YOUR ASSIGNMENT: Each record in the material below must be written out again exactly.

━━━━

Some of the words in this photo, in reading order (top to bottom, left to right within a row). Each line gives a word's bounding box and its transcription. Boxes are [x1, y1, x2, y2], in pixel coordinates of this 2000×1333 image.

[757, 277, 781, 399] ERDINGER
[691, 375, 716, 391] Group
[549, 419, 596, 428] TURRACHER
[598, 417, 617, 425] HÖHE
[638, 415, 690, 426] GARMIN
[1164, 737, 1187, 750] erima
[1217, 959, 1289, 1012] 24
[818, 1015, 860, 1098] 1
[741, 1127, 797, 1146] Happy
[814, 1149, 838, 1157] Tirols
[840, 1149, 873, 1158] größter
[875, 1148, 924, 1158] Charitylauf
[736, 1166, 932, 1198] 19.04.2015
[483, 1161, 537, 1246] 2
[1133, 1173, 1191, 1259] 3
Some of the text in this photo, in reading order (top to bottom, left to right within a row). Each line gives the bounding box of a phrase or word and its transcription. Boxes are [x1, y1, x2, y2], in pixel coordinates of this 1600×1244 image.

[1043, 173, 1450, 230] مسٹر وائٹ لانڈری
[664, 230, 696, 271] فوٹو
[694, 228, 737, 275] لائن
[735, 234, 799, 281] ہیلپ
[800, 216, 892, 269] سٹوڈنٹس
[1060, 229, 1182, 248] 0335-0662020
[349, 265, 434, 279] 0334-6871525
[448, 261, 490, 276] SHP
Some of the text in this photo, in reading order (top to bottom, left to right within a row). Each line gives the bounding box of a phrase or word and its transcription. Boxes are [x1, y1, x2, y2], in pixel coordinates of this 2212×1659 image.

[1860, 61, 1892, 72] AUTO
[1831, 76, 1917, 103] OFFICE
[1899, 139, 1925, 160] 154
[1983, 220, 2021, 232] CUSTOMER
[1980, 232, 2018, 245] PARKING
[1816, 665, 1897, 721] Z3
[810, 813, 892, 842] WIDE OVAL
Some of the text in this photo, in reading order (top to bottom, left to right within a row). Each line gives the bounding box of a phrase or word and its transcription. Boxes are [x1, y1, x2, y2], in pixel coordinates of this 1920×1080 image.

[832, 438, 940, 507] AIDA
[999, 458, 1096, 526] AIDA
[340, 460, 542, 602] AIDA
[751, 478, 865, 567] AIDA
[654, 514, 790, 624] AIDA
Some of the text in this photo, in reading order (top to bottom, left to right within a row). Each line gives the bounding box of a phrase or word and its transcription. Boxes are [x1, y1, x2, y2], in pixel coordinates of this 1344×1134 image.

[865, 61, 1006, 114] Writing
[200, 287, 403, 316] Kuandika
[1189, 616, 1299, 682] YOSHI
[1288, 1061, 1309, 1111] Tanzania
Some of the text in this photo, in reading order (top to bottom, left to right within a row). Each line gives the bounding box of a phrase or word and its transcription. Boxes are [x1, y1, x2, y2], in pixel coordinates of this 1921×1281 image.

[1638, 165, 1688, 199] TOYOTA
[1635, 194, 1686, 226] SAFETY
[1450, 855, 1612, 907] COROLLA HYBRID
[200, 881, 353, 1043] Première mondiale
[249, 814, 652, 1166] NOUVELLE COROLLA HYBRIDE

━━━━

YOUR RESPONSE:
Some of the words in this photo, in reading order (top to bottom, left to right within a row). Each line gives a word's bounding box and its transcription. Boxes are [x1, y1, x2, y2], in pixel coordinates of this 2000×1333 image.

[757, 277, 781, 399] ERDINGER
[691, 375, 716, 391] Group
[549, 419, 596, 428] TURRACHER
[598, 417, 617, 425] HÖHE
[638, 415, 690, 426] GARMIN
[1164, 737, 1187, 750] erima
[1217, 959, 1289, 1012] 24
[818, 1015, 860, 1098] 1
[741, 1127, 797, 1146] Happy
[814, 1149, 838, 1157] Tirols
[840, 1149, 873, 1158] größter
[875, 1148, 924, 1158] Charitylauf
[736, 1166, 932, 1198] 19.04.2015
[483, 1161, 537, 1246] 2
[1133, 1173, 1191, 1259] 3
Some of the text in this photo, in reading order (top to bottom, left to right within a row). Each line gives the bounding box of a phrase or word and its transcription. Boxes are [x1, y1, x2, y2], in pixel coordinates of this 1600×1244 image.

[1043, 173, 1450, 230] مسٹر وائٹ لانڈری
[664, 230, 696, 271] فوٹو
[694, 228, 737, 275] لائن
[735, 234, 799, 281] ہیلپ
[800, 216, 892, 269] سٹوڈنٹس
[1060, 229, 1182, 248] 0335-0662020
[349, 265, 434, 279] 0334-6871525
[448, 261, 490, 276] SHP
Some of the text in this photo, in reading order (top to bottom, left to right within a row). Each line gives the bounding box of a phrase or word and its transcription. Boxes are [x1, y1, x2, y2], in pixel coordinates of this 2212×1659 image.

[1860, 61, 1892, 72] AUTO
[1831, 76, 1917, 103] OFFICE
[1899, 139, 1925, 160] 154
[1983, 220, 2021, 232] CUSTOMER
[1980, 232, 2018, 245] PARKING
[1816, 665, 1897, 721] Z3
[810, 813, 892, 842] WIDE OVAL
Some of the text in this photo, in reading order (top to bottom, left to right within a row). Each line gives the bounding box of a phrase or word and its transcription. Boxes are [x1, y1, x2, y2], in pixel coordinates of this 1920×1080 image.

[832, 438, 940, 507] AIDA
[999, 458, 1096, 526] AIDA
[340, 460, 542, 602] AIDA
[751, 478, 865, 567] AIDA
[654, 514, 790, 624] AIDA
Some of the text in this photo, in reading order (top to bottom, left to right within a row). Each line gives the bounding box of a phrase or word and its transcription. Boxes are [x1, y1, x2, y2], in pixel coordinates of this 1344×1134 image.

[865, 61, 1006, 114] Writing
[200, 287, 403, 316] Kuandika
[1189, 616, 1299, 682] YOSHI
[1288, 1061, 1309, 1111] Tanzania
Some of the text in this photo, in reading order (top to bottom, left to right within a row). Each line gives the bounding box of a phrase or word and its transcription. Boxes are [x1, y1, x2, y2], in pixel coordinates of this 1921×1281 image.

[1638, 165, 1688, 199] TOYOTA
[1635, 194, 1686, 226] SAFETY
[1450, 855, 1612, 907] COROLLA HYBRID
[200, 881, 353, 1043] Première mondiale
[249, 814, 652, 1166] NOUVELLE COROLLA HYBRIDE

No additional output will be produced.